La Libye, où le Dr Khan se trouvait encore en visite privée à la mi-2003, sera le dernier et le plus rémunérateur des contrats. Khan y vend en vrac des plans de têtes nucléaires emballés dans des sacs en plastique d’une teinturerie d’Islamabad, des composantes de centrifugeuses que les Libyens entasseront dans des baraques mobiles en préfabriqué avec plan de montage et garantie de service après-vente et même, à titre de bonus, les plans rédigés en chinois d’une bombe atomique à implosion plutôt rudimentaire élaborée au début des années 1960 sur ordre de Mao Tsé-toung et transmis vingt ans plus tard aux autorités pakistanaises. Une véritable frénésie d’achat qui amènera le Dr Khan à se rendre pas moins de quarante-quatre fois à Dubaï entre 2000 et 2003 pour y rencontrer ses interlocuteurs. Et qui causera aussi, en partie, sa perte. Début octobre 2003, le cargo allemand BBC China fait une escale technique dans le port de Tarente, en Italie, en route vers Tripoli. Agissant sur renseignement de la CIA, qui suit le navire depuis la Malaisie, la police italienne saisit à son bord deux mille « pièces de machines de précision » destinées au Conseil libyen de la recherche scientifique. Il s’agit en fait des composantes d’une trentaine de centrifugeuses de type Pak 2, fabriquées par Scomi Precision Engineering. Une découverte qui sera pour beaucoup dans la décision de Mouammar Kadhafi d’abandonner définitivement son programme d’armes de destruction massive.

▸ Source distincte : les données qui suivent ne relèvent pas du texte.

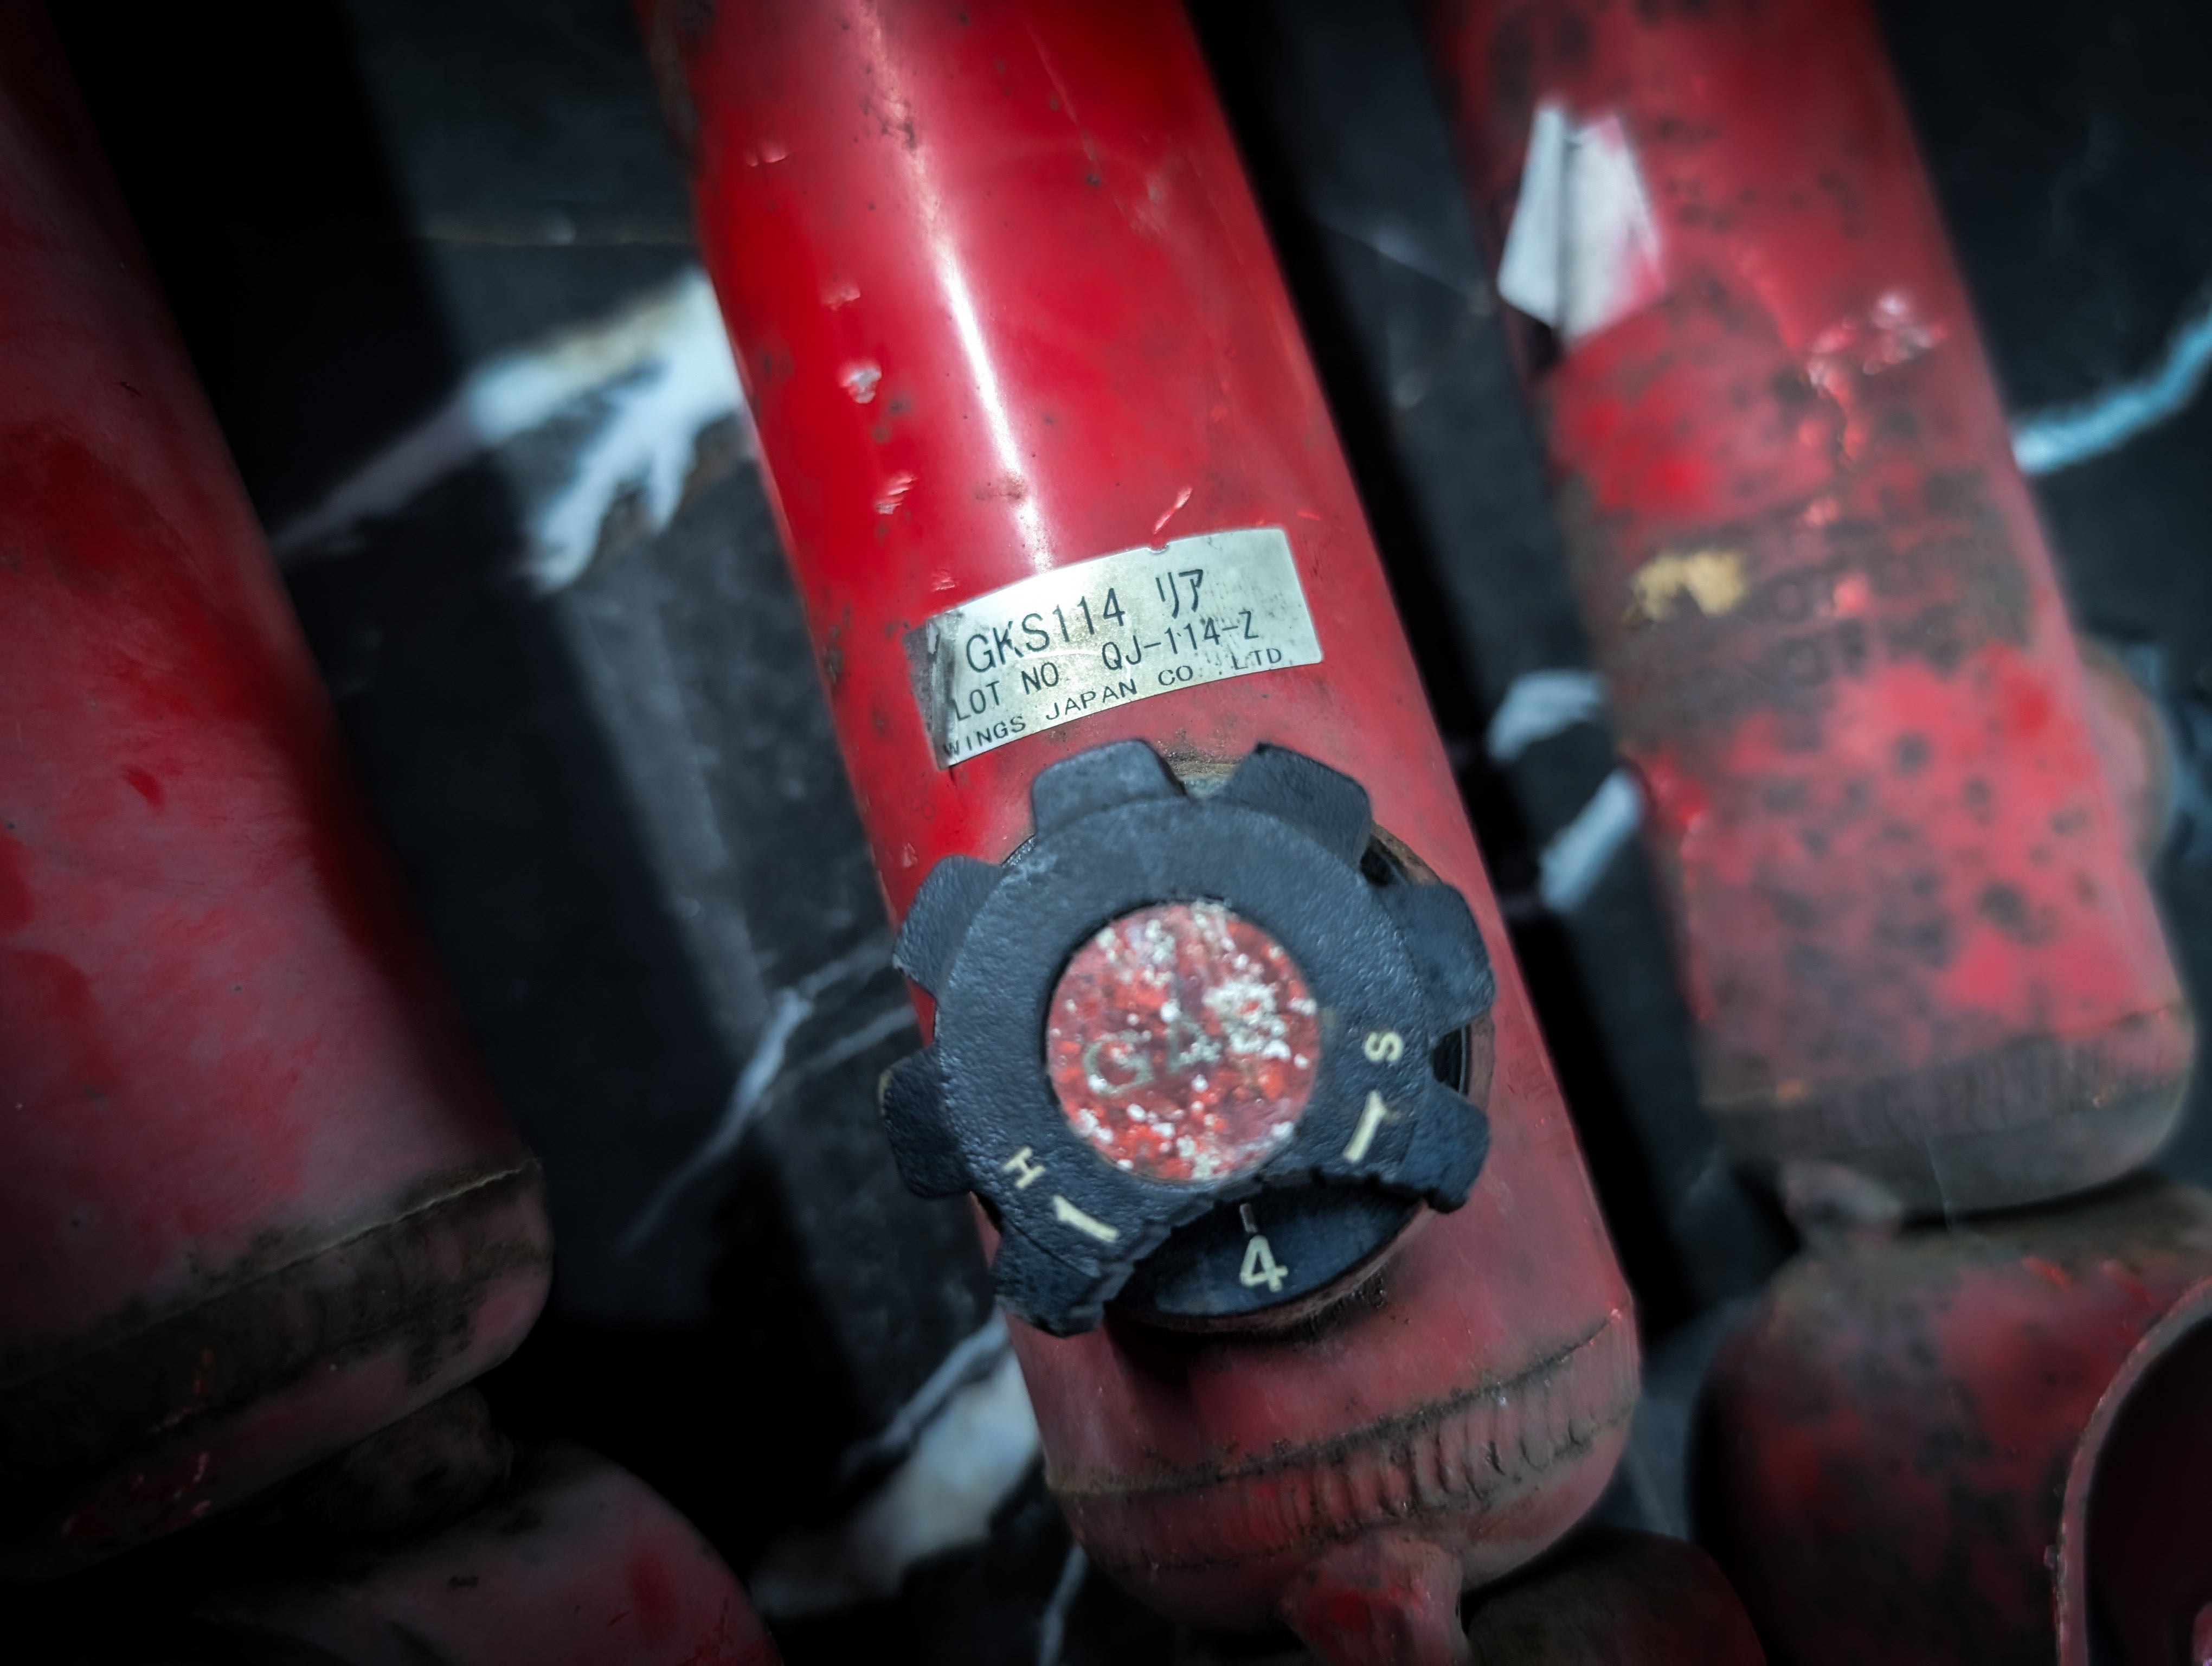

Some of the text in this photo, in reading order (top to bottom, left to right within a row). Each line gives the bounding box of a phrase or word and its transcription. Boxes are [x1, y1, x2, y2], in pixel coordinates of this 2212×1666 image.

Depuis quelques années déjà, Abdul Qadeer Khan se sait traqué. Dès l’arrivée au pouvoir de Pervez Musharraf, en 1999, la CIA et le Mi6 britannique, qui ont pénétré une partie de son réseau, mettent en garde le nouveau président contre ses agissements. En mars 2001, le général cède à la pression : il écarte le Dr Khan de la direction des KRL, mais le nomme aussitôt conseiller scientifique du Premier ministre avec rang de ministre. Peu après le 11 septembre, les Américains reviennent à la charge : selon eux, Abdul Qadeer Khan pourrait être en contact avec des milieux proches d’el-Qaïda par l’entremise de certains scientifiques intégristes de son entourage (l’un d’eux a rédigé une thèse sur la température des flammes de l’enfer !). Si les partis islamistes pakistanais ont effectivement protesté contre son limogeage des KRL, l’accusation manque pour le moins de substance : Khan est peut-être un national-islamiste, il n’a jamais été un fondamentaliste, comme le démontrent ses connexions irakiennes et surtout libyennes. Peu importe, puisqu’il s’agit de faire peur… Lors d’une rencontre avec Musharraf, au début de 2002, le secrétaire d’État Colin Powell a cette phrase : « Selon nos informations, les KRL ont produit depuis vingt ans une tonne d’uranium enrichi. Avez-vous vérifié la destination de chaque gramme ? Êtes-vous sûr que tout est sous votre contrôle ? » Le 6 octobre 2003, c’est le coup de grâce. Ce jeudi-là, Pervez Musharraf reçoit, dans sa résidence militaire de Rawalpindi, le général John Abizaid, patron du Centcom, et le secrétaire d’État adjoint Richard Armitage. Avec un luxe de précisions inouï, un peu comme s’ils avaient implanté un émetteur sur son corps, les deux Américains décrivent au président, documents à l’appui, tous les détails du réseau Khan. Sans oublier de mentionner les complicités internes à l’appareil de sécurité pakistanais dont il bénéficie. Nullement gênés, les deux hommes exhibent notamment un dossier subtilisé par un agent du MI6 britannique à l’intérieur même de l’ambassade du Pakistan à Londres, démontrant que le bon docteur avait entretenu des relations quasi officielles avec le régime de Pyongyang jusqu’en août 2002. Acculé, Musharraf est bien obligé de promettre l’ouverture d’une enquête. Le 15 octobre, six scientifiques proches de Khan sont arrêtés à Islamabad et interrogés par l’ISI – une comédie, puisque les services pakistanais savent déjà tout.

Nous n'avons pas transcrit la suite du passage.